**Task directions:** Print out every line of the material exactly. Include no pictures.

--- Provided material Enclosed Below ---

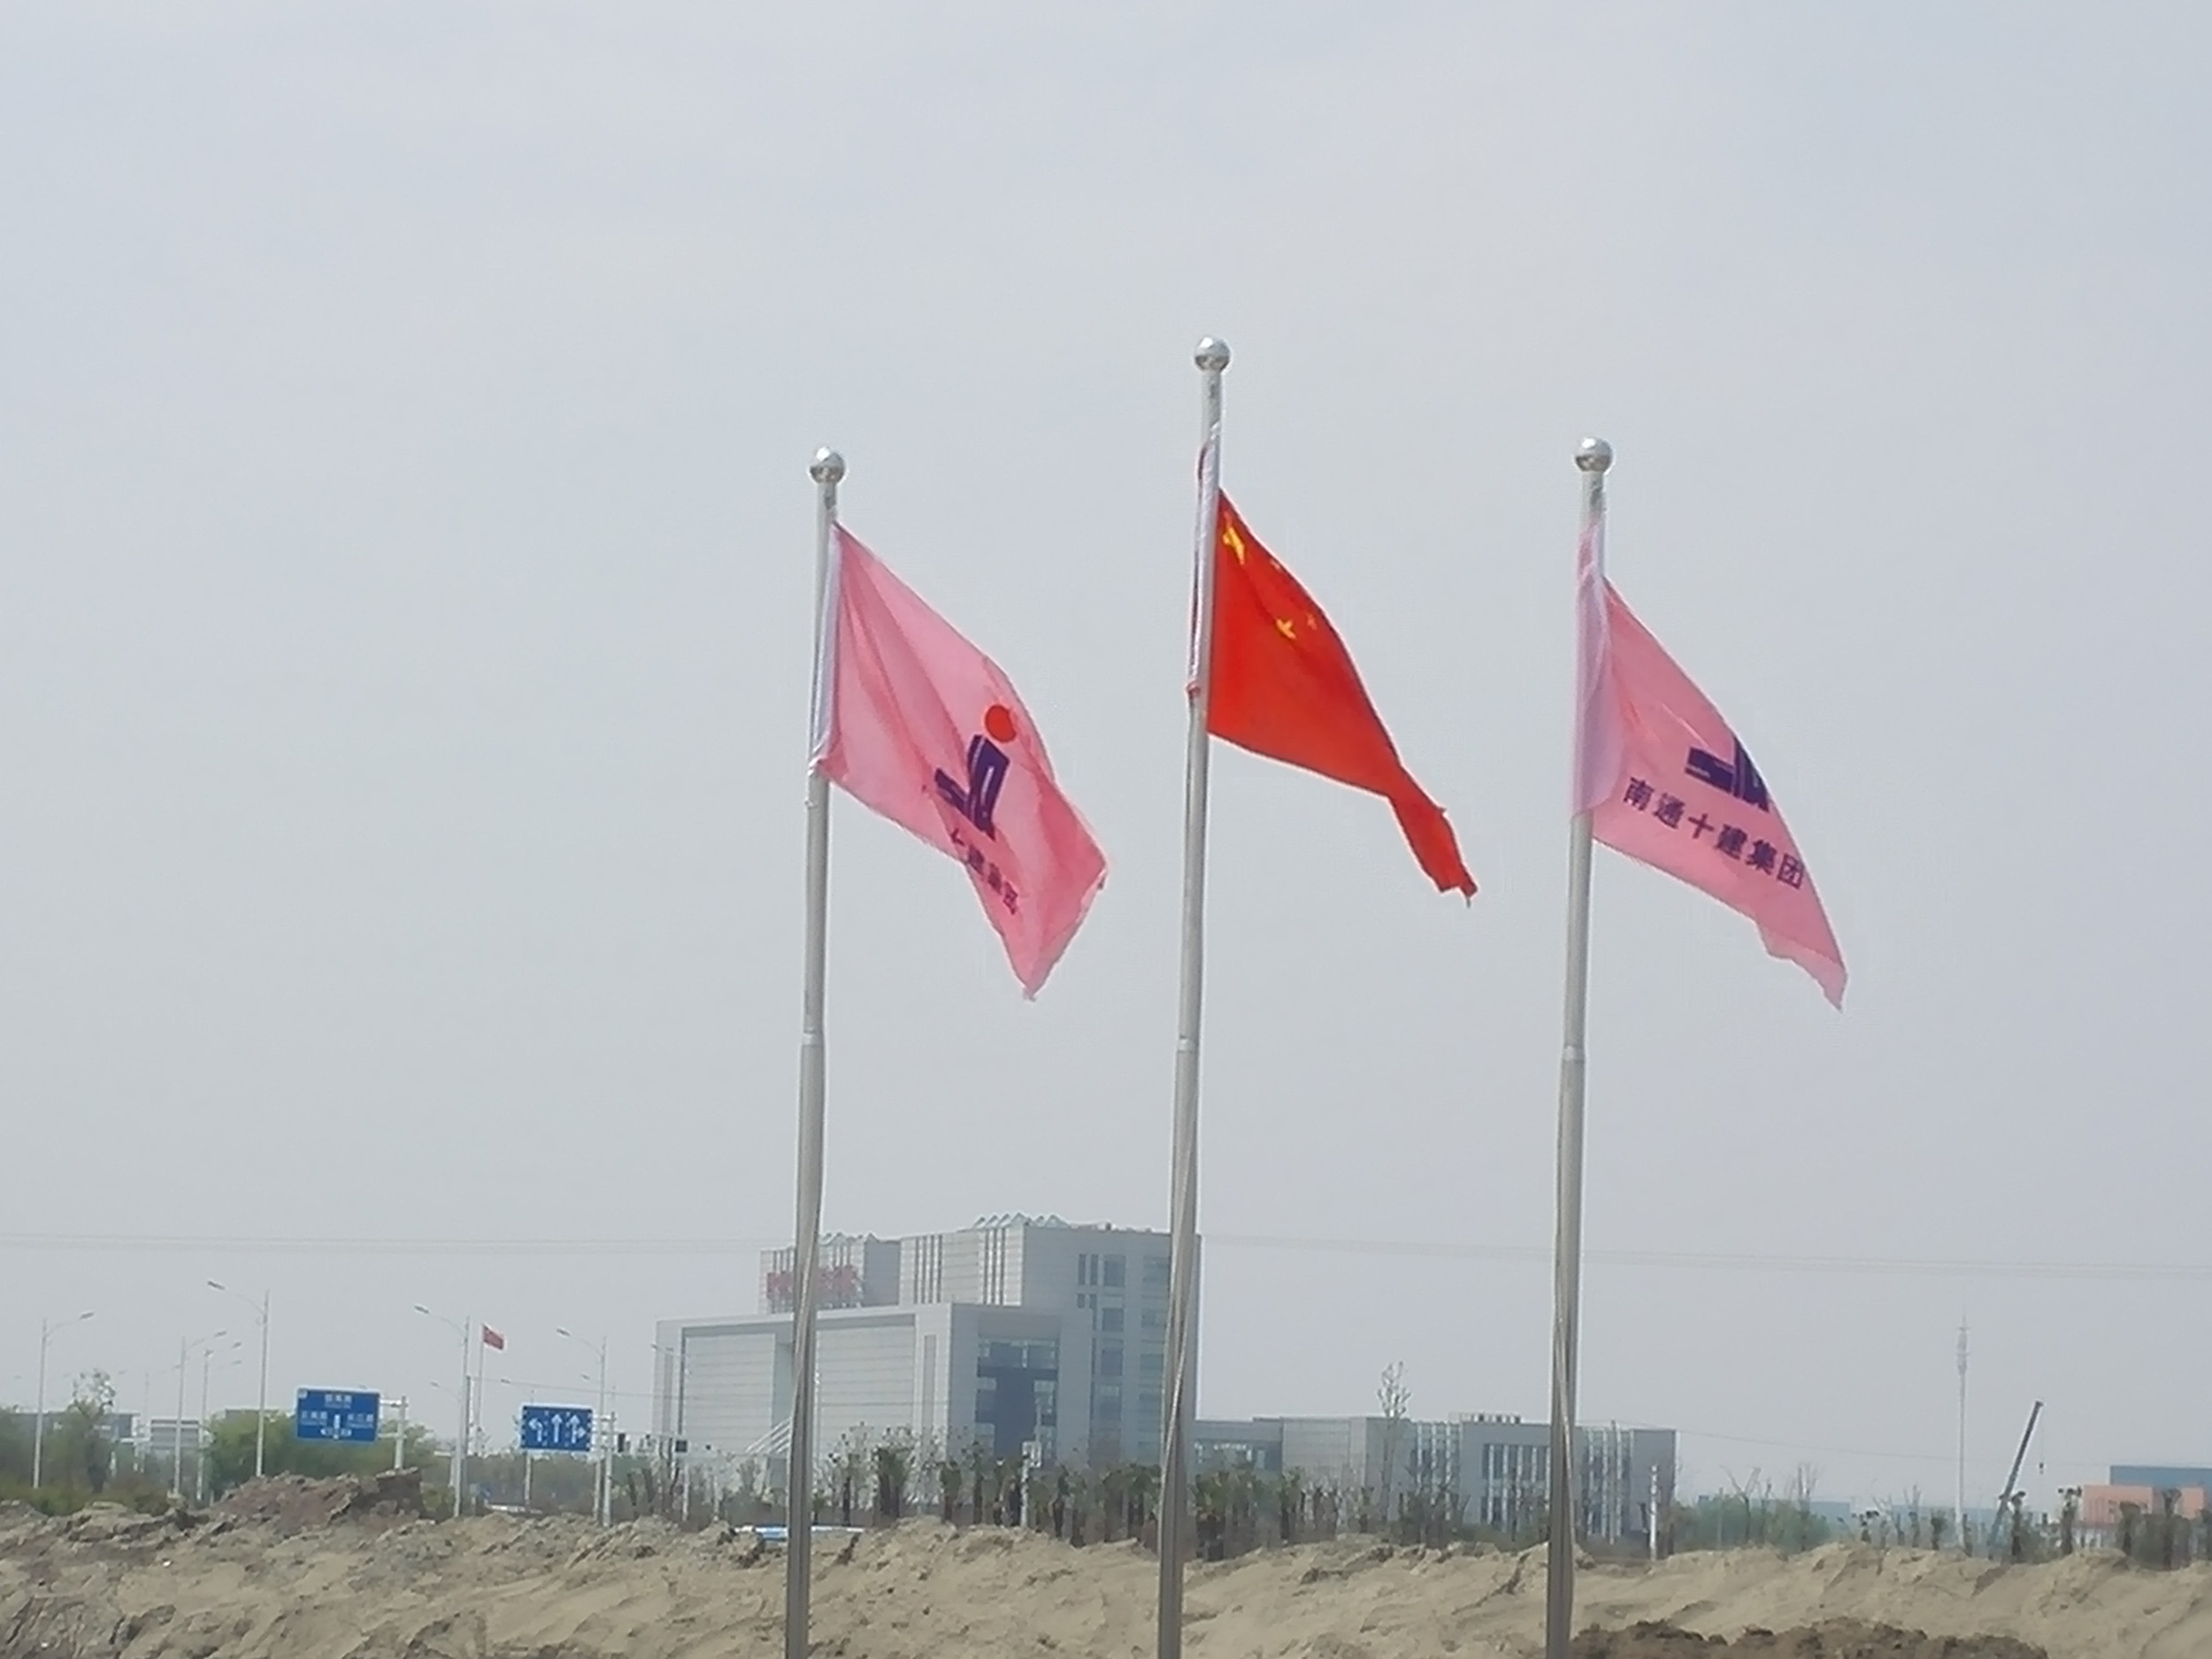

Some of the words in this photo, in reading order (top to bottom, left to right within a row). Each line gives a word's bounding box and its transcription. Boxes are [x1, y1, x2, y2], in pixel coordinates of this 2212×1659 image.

[1623, 776, 1805, 890] 南通十建集团
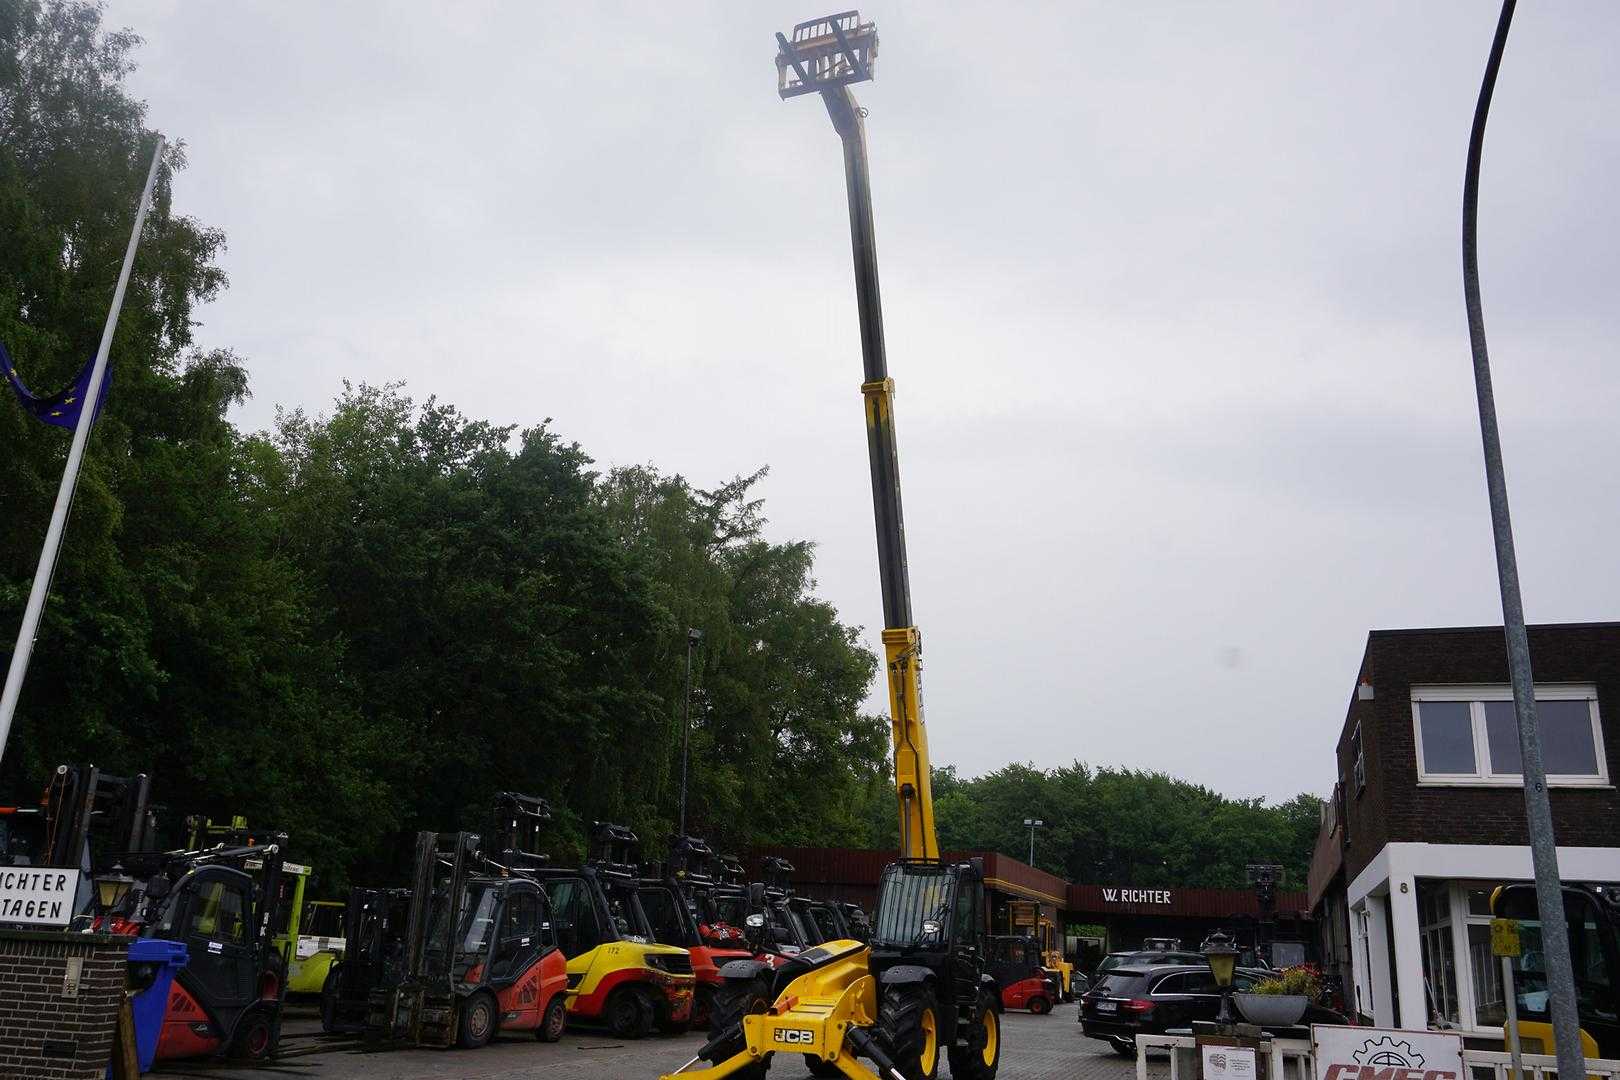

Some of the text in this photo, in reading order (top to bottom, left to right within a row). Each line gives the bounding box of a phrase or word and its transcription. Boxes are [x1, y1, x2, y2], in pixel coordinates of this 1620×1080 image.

[1102, 888, 1171, 904] W. RICHTER
[1400, 882, 1408, 894] 8
[2, 899, 61, 918] TAGEN
[775, 1028, 814, 1044] JCB

--- End of Enclosed Provided material ---

**Expected answer:**
Some of the words in this photo, in reading order (top to bottom, left to right within a row). Each line gives a word's bounding box and its transcription. Boxes are [x1, y1, x2, y2], in pixel coordinates of this 2212×1659 image.

[1623, 776, 1805, 890] 南通十建集团

Some of the text in this photo, in reading order (top to bottom, left to right within a row). Each line gives the bounding box of a phrase or word and its transcription. Boxes are [x1, y1, x2, y2], in pixel coordinates of this 1620×1080 image.

[1102, 888, 1171, 904] W. RICHTER
[1400, 882, 1408, 894] 8
[2, 899, 61, 918] TAGEN
[775, 1028, 814, 1044] JCB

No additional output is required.